━━━━━ Supplied data

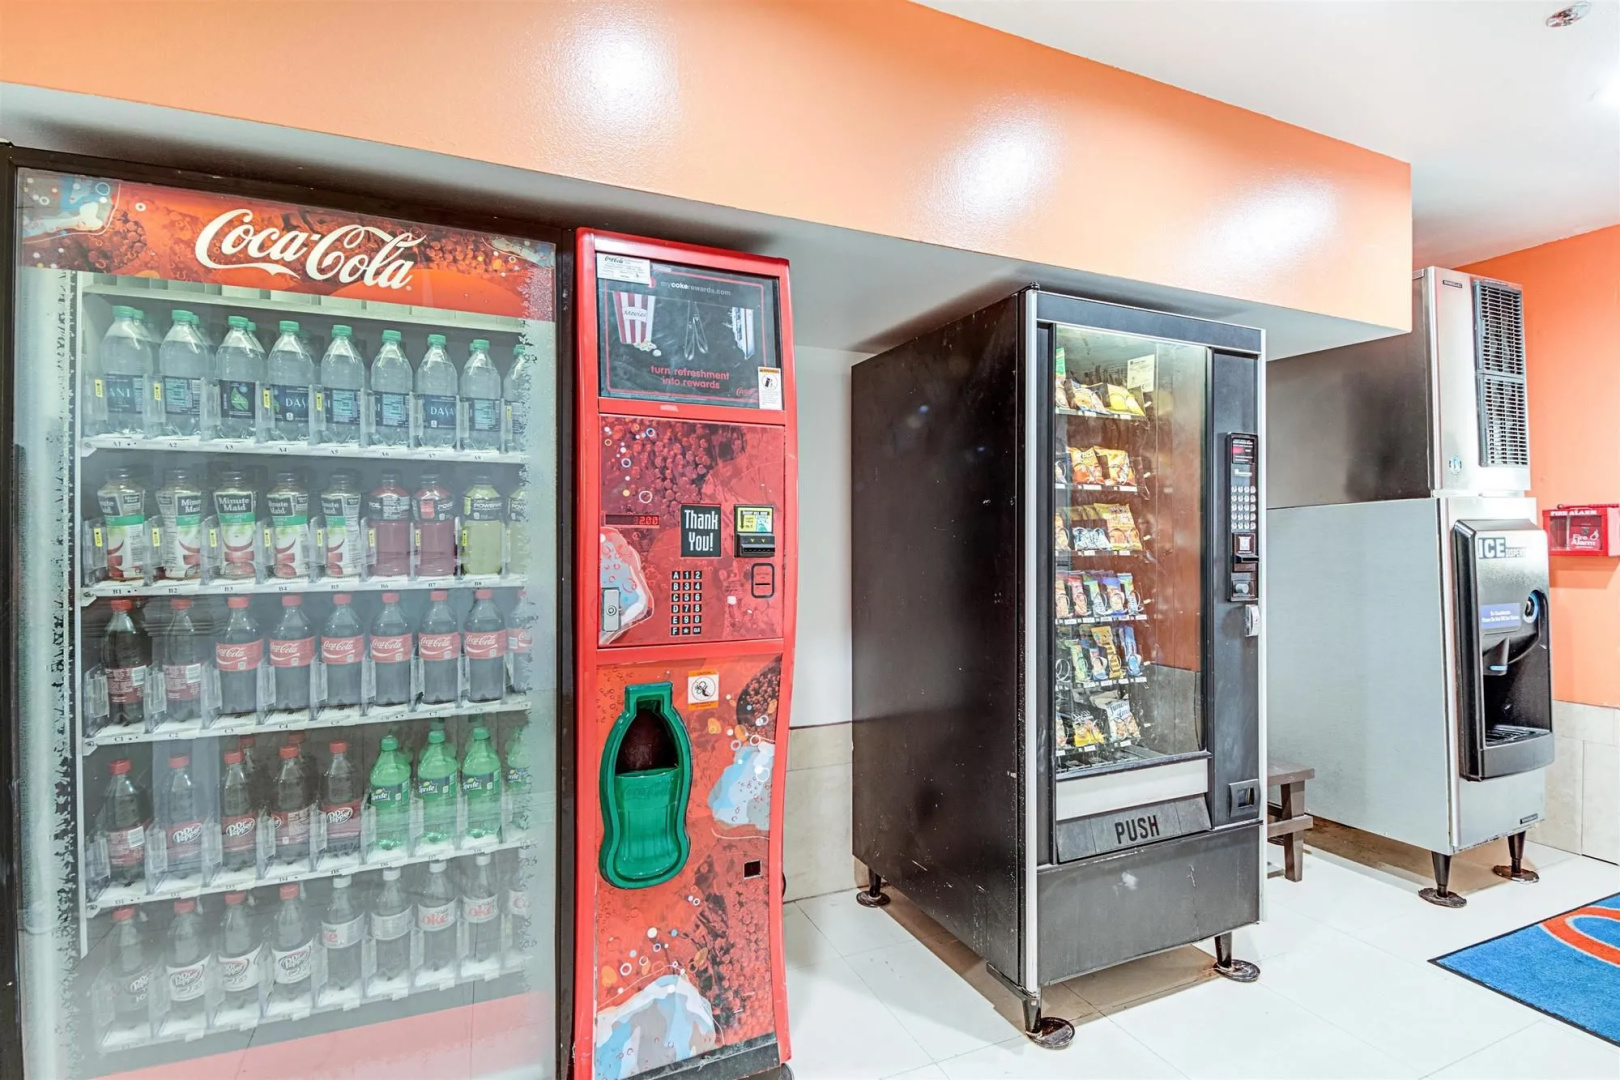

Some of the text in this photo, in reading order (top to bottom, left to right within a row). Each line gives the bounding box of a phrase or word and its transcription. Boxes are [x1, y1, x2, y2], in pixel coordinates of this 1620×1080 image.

[195, 208, 426, 291] Coca-Cola
[661, 281, 731, 297] mycokerewards.com
[651, 366, 730, 380] turn refreshment
[661, 377, 720, 389] into rewards
[109, 388, 131, 398] ANI
[285, 397, 307, 409] DAS
[430, 406, 455, 418] DASA
[181, 499, 202, 507] Minu
[223, 504, 247, 512] Maid
[185, 505, 202, 513] Mai
[684, 509, 719, 530] Thank
[688, 531, 714, 552] You!
[1570, 539, 1596, 547] Alarm
[1478, 538, 1506, 558] ICE
[673, 582, 701, 590] B 3 4
[673, 593, 701, 601] C 5 6
[673, 627, 679, 635] F
[324, 640, 354, 651] Coca-Cola
[372, 638, 403, 649] Coca-Cola
[421, 636, 452, 647] Coca-Cola
[467, 635, 498, 646] Coca-Cola
[418, 785, 435, 794] Sprite
[371, 792, 388, 801] Sprite
[329, 810, 350, 823] Pepper
[176, 826, 201, 843] Pepper
[229, 821, 252, 837] Pepper
[1114, 814, 1160, 844] PUSH

━━━━━━━━━━

** Your objective **
Return each line of the data, keeping its wording exact and omitting pictures.

** Written solution **
Some of the text in this photo, in reading order (top to bottom, left to right within a row). Each line gives the bounding box of a phrase or word and its transcription. Boxes are [x1, y1, x2, y2], in pixel coordinates of this 1620×1080 image.

[195, 208, 426, 291] Coca-Cola
[661, 281, 731, 297] mycokerewards.com
[651, 366, 730, 380] turn refreshment
[661, 377, 720, 389] into rewards
[109, 388, 131, 398] ANI
[285, 397, 307, 409] DAS
[430, 406, 455, 418] DASA
[181, 499, 202, 507] Minu
[223, 504, 247, 512] Maid
[185, 505, 202, 513] Mai
[684, 509, 719, 530] Thank
[688, 531, 714, 552] You!
[1570, 539, 1596, 547] Alarm
[1478, 538, 1506, 558] ICE
[673, 582, 701, 590] B 3 4
[673, 593, 701, 601] C 5 6
[673, 627, 679, 635] F
[324, 640, 354, 651] Coca-Cola
[372, 638, 403, 649] Coca-Cola
[421, 636, 452, 647] Coca-Cola
[467, 635, 498, 646] Coca-Cola
[418, 785, 435, 794] Sprite
[371, 792, 388, 801] Sprite
[329, 810, 350, 823] Pepper
[176, 826, 201, 843] Pepper
[229, 821, 252, 837] Pepper
[1114, 814, 1160, 844] PUSH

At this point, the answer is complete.